Text-to-region grounding data:
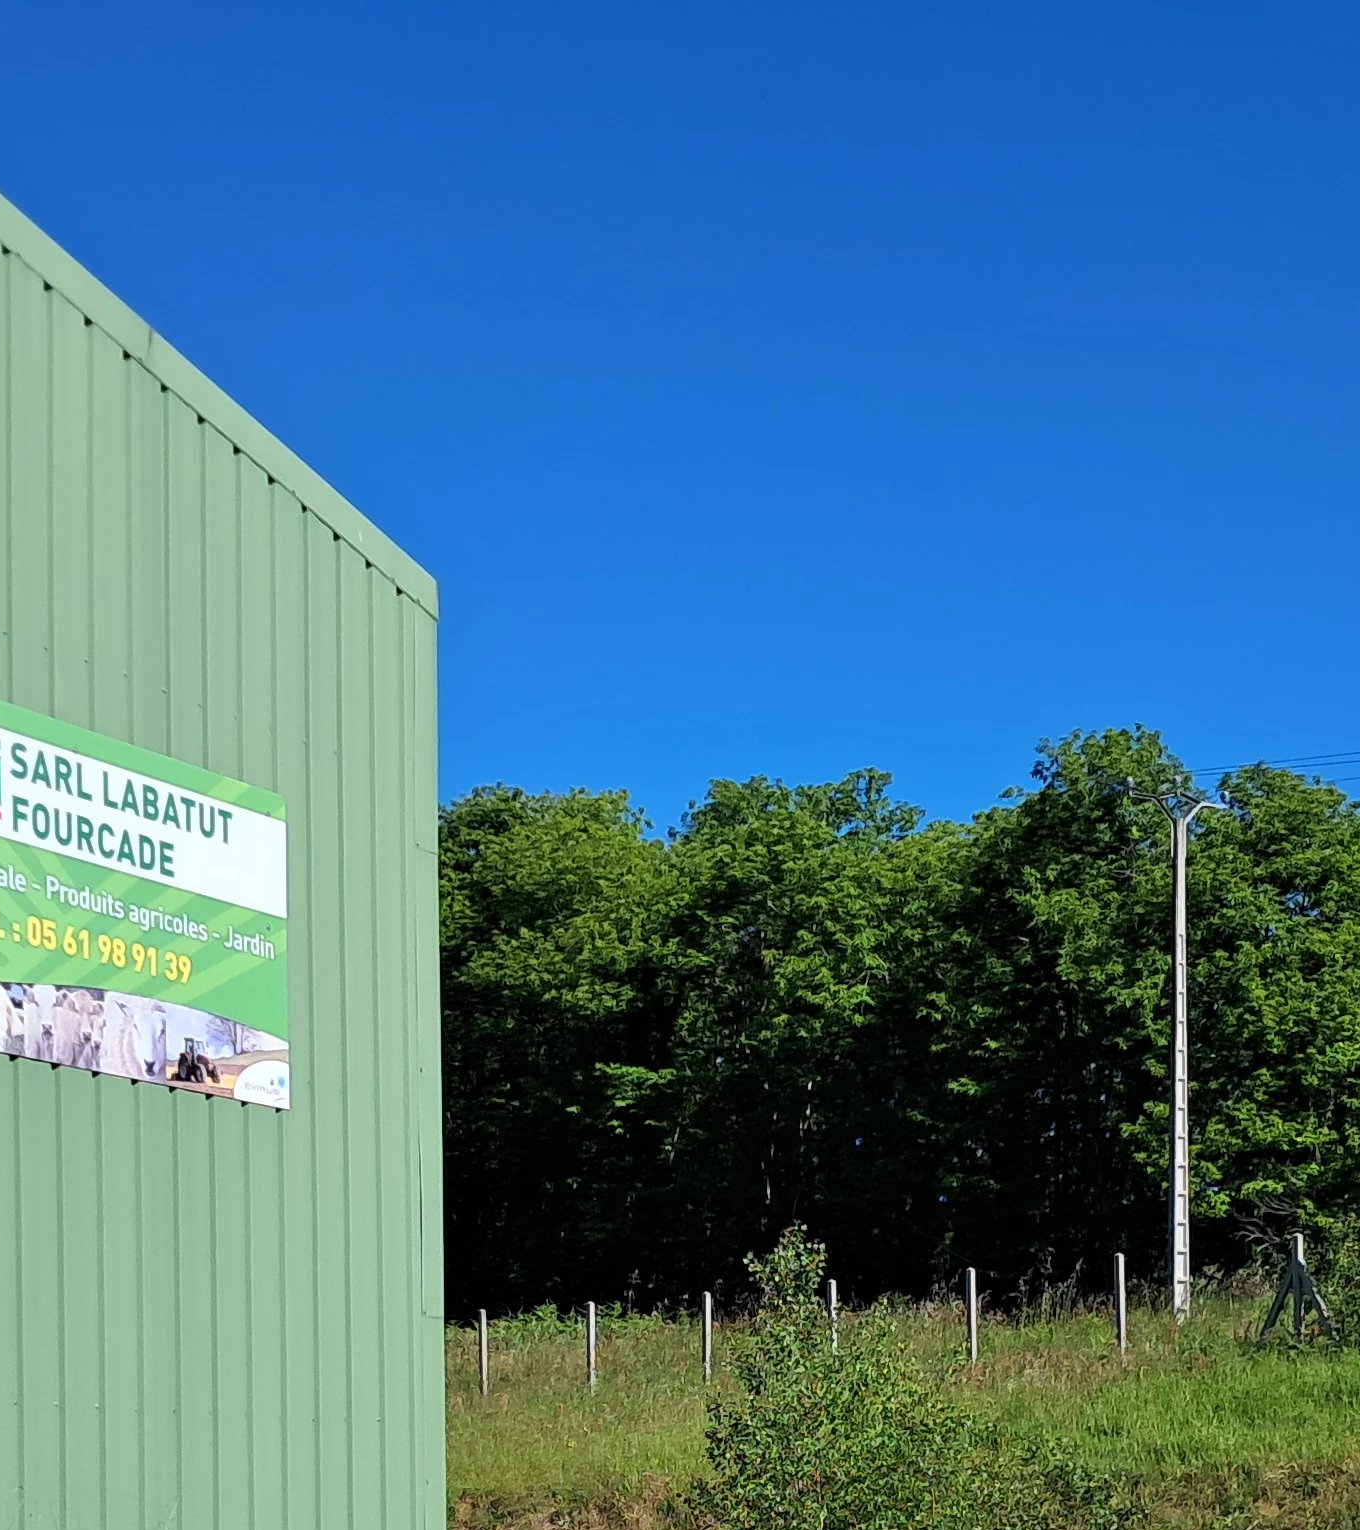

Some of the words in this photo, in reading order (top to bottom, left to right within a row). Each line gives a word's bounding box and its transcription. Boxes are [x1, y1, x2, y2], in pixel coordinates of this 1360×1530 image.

[10, 742, 92, 802] SARL
[103, 770, 234, 844] LABATUT
[12, 795, 176, 878] FOURCADE
[26, 915, 57, 951] 05
[63, 924, 90, 960] 61
[98, 934, 127, 968] 98
[131, 943, 158, 977] 91
[164, 951, 193, 985] 39
[45, 874, 125, 919] Produits
[128, 906, 209, 942] agricoles
[224, 925, 276, 961] Jardin
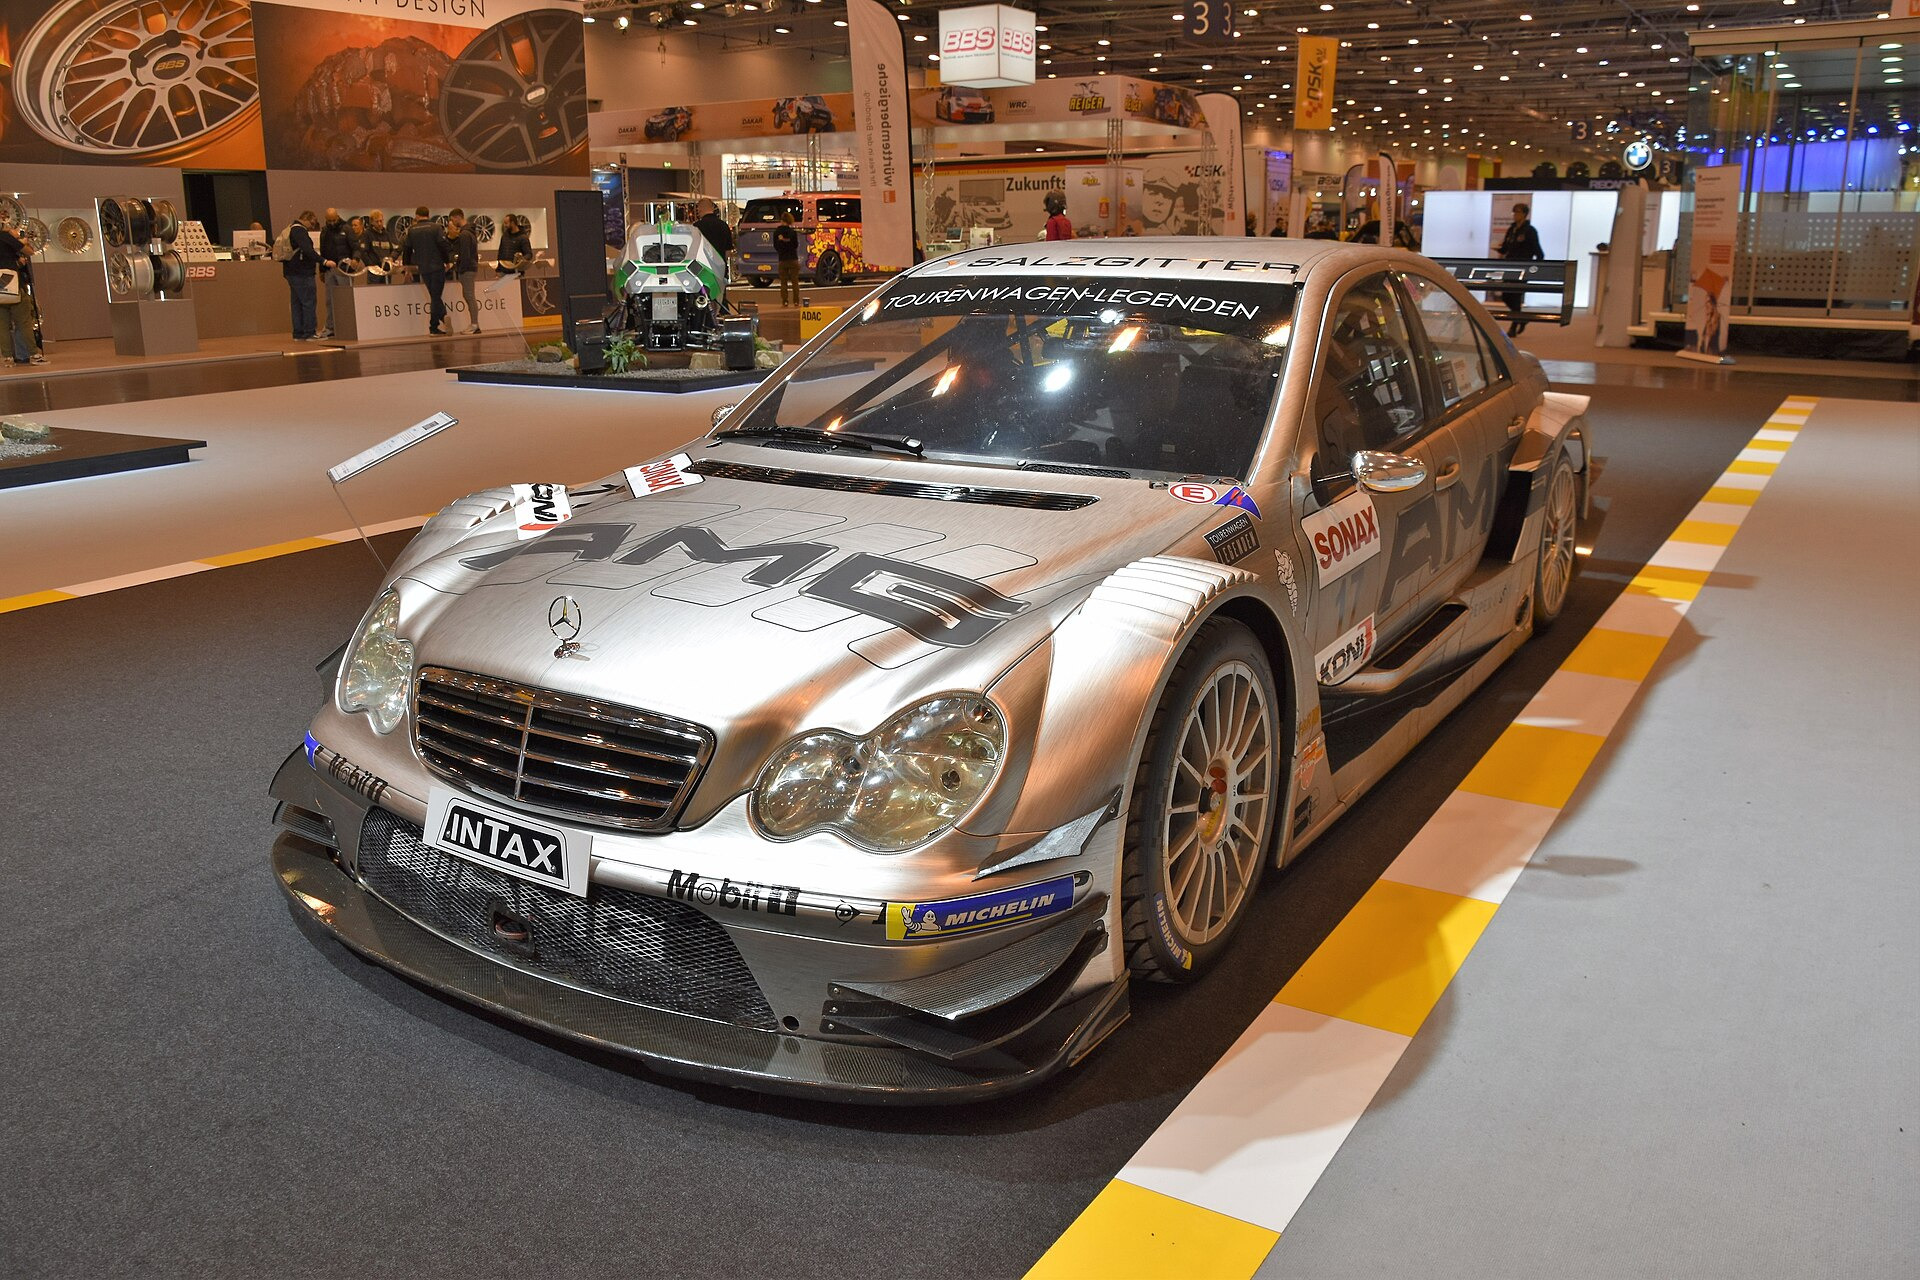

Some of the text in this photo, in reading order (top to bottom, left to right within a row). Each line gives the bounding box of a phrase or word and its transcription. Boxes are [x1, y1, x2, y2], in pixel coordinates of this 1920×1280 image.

[1193, 1, 1210, 35] 3
[1223, 2, 1232, 36] 3
[942, 26, 996, 53] BBS
[1001, 27, 1034, 55] BBS
[742, 117, 763, 125] DAKAR
[1068, 96, 1105, 112] REIGER
[618, 126, 637, 134] DAKAR
[1576, 121, 1588, 140] 3
[1662, 160, 1671, 174] 3
[967, 256, 1301, 275] SALZGITTER
[374, 298, 506, 318] BBS TECNOOGIE
[801, 311, 822, 321] ADAC
[883, 285, 1260, 321] TOURENWAGEN-LEGENDEN
[1208, 517, 1249, 545] TOURENWAGEN
[1218, 530, 1258, 565] LEGENDEN
[1314, 505, 1379, 570] SONAX
[1377, 450, 1502, 616] AM
[459, 522, 1032, 648] AMG
[1319, 633, 1365, 684] KONI
[449, 812, 558, 874] INTAX
[666, 869, 759, 912] Mobil
[944, 893, 1056, 927] MICHELIN
[1156, 899, 1183, 960] MICHELIN

> **Activity**
Please print every record above exactly, but leave the pictures out.

> **Task response**
Some of the words in this photo, in reading order (top to bottom, left to right within a row). Each line gives a word's bounding box and its transcription. Boxes are [x1, y1, x2, y2], in pixel coordinates of this 1360×1530 image.

[10, 742, 92, 802] SARL
[103, 770, 234, 844] LABATUT
[12, 795, 176, 878] FOURCADE
[26, 915, 57, 951] 05
[63, 924, 90, 960] 61
[98, 934, 127, 968] 98
[131, 943, 158, 977] 91
[164, 951, 193, 985] 39
[45, 874, 125, 919] Produits
[128, 906, 209, 942] agricoles
[224, 925, 276, 961] Jardin

Some of the text in this photo, in reading order (top to bottom, left to right within a row). Each line gives the bounding box of a phrase or word and its transcription. Boxes are [x1, y1, x2, y2], in pixel coordinates of this 1920×1280 image.

[1193, 1, 1210, 35] 3
[1223, 2, 1232, 36] 3
[942, 26, 996, 53] BBS
[1001, 27, 1034, 55] BBS
[742, 117, 763, 125] DAKAR
[1068, 96, 1105, 112] REIGER
[618, 126, 637, 134] DAKAR
[1576, 121, 1588, 140] 3
[1662, 160, 1671, 174] 3
[967, 256, 1301, 275] SALZGITTER
[374, 298, 506, 318] BBS TECNOOGIE
[801, 311, 822, 321] ADAC
[883, 285, 1260, 321] TOURENWAGEN-LEGENDEN
[1208, 517, 1249, 545] TOURENWAGEN
[1218, 530, 1258, 565] LEGENDEN
[1314, 505, 1379, 570] SONAX
[1377, 450, 1502, 616] AM
[459, 522, 1032, 648] AMG
[1319, 633, 1365, 684] KONI
[449, 812, 558, 874] INTAX
[666, 869, 759, 912] Mobil
[944, 893, 1056, 927] MICHELIN
[1156, 899, 1183, 960] MICHELIN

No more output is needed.